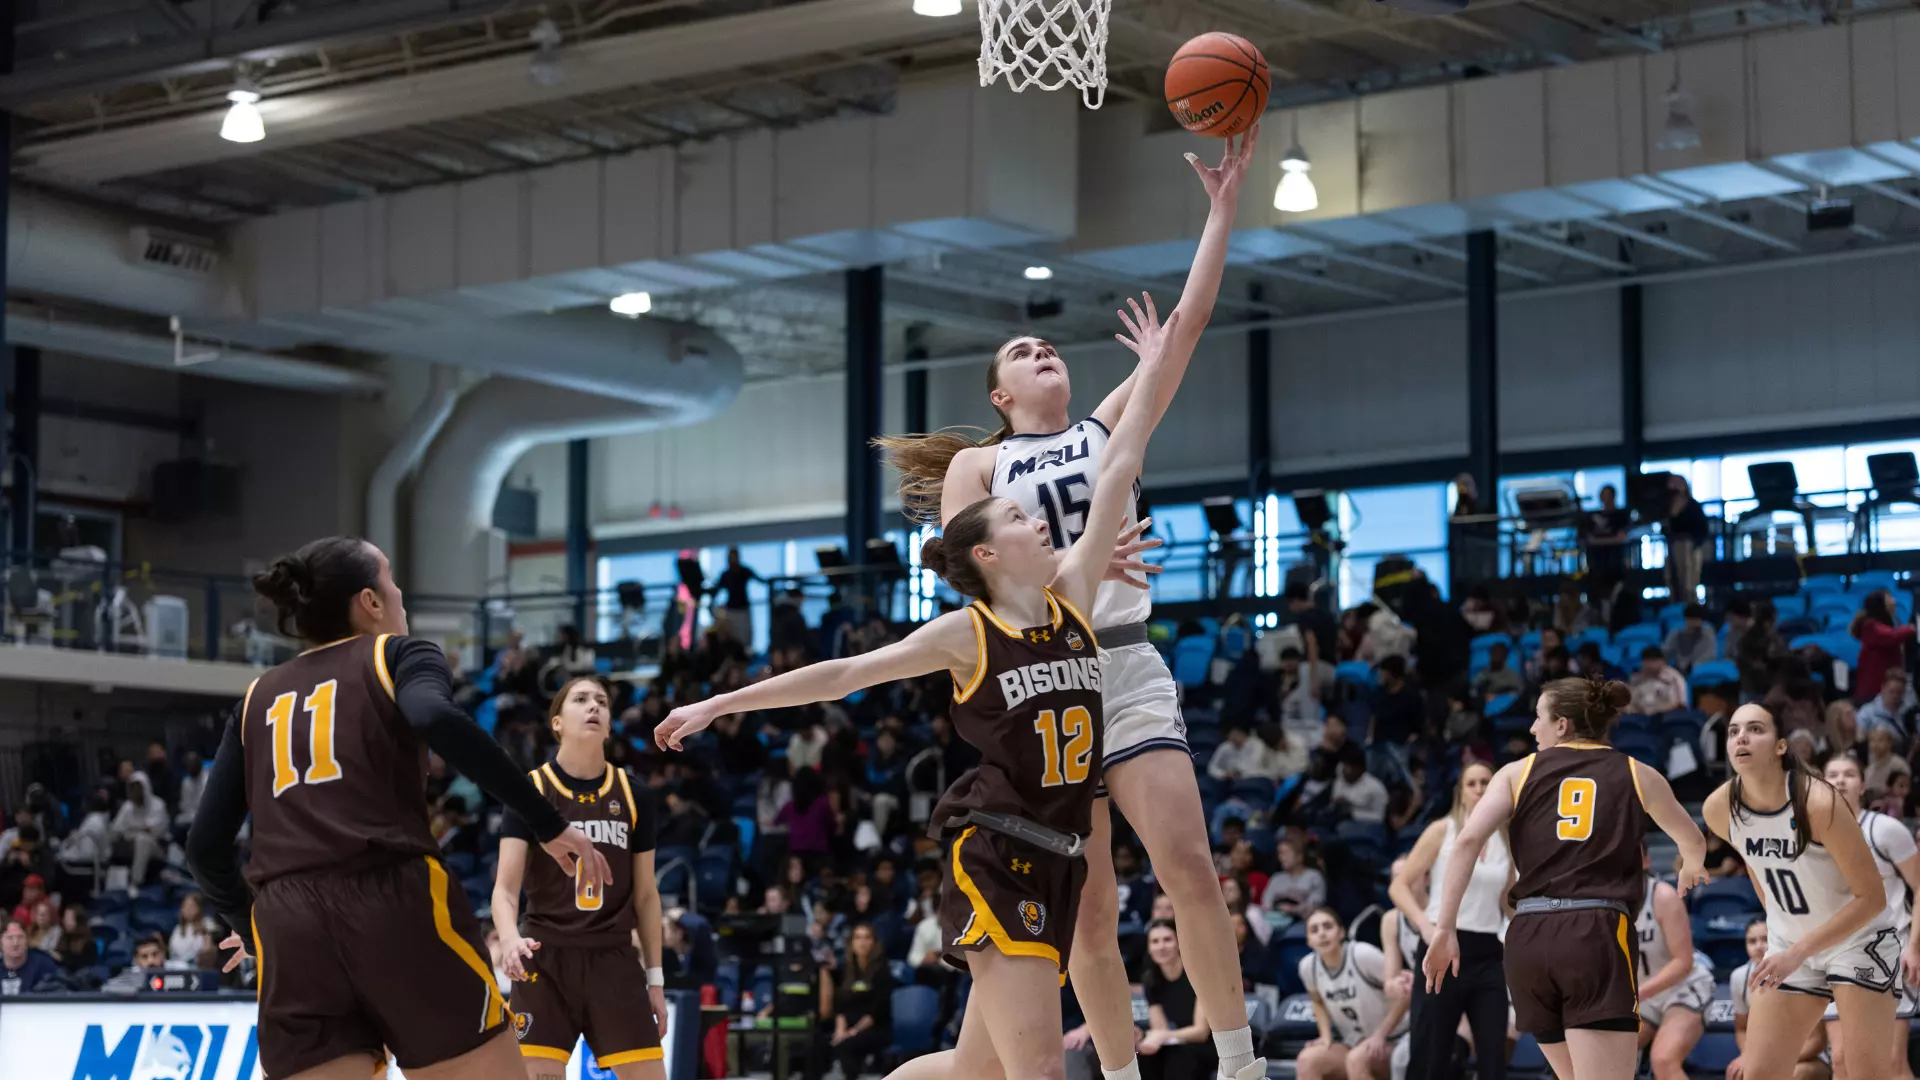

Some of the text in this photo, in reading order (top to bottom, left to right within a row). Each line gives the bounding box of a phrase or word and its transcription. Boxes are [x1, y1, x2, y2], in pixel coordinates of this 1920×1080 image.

[1008, 437, 1089, 484] MRU
[1036, 472, 1092, 549] 15
[996, 657, 1102, 711] BISONS
[266, 678, 342, 798] 11
[1033, 705, 1093, 787] 12
[1556, 777, 1597, 841] 9
[1746, 837, 1797, 859] MRU
[1764, 867, 1810, 915] 10
***
Render the data above verbatim and without pictures.

Some of the text in this photo, in reading order (top to bottom, left to right within a row). Each line gives the bounding box of a phrase or word and its transcription. Boxes are [x1, y1, x2, y2], in pixel coordinates of this 1920×1080 image.

[1008, 437, 1089, 484] MRU
[1036, 472, 1092, 549] 15
[996, 657, 1102, 711] BISONS
[266, 678, 342, 798] 11
[1033, 705, 1093, 787] 12
[1556, 777, 1597, 841] 9
[1746, 837, 1797, 859] MRU
[1764, 867, 1810, 915] 10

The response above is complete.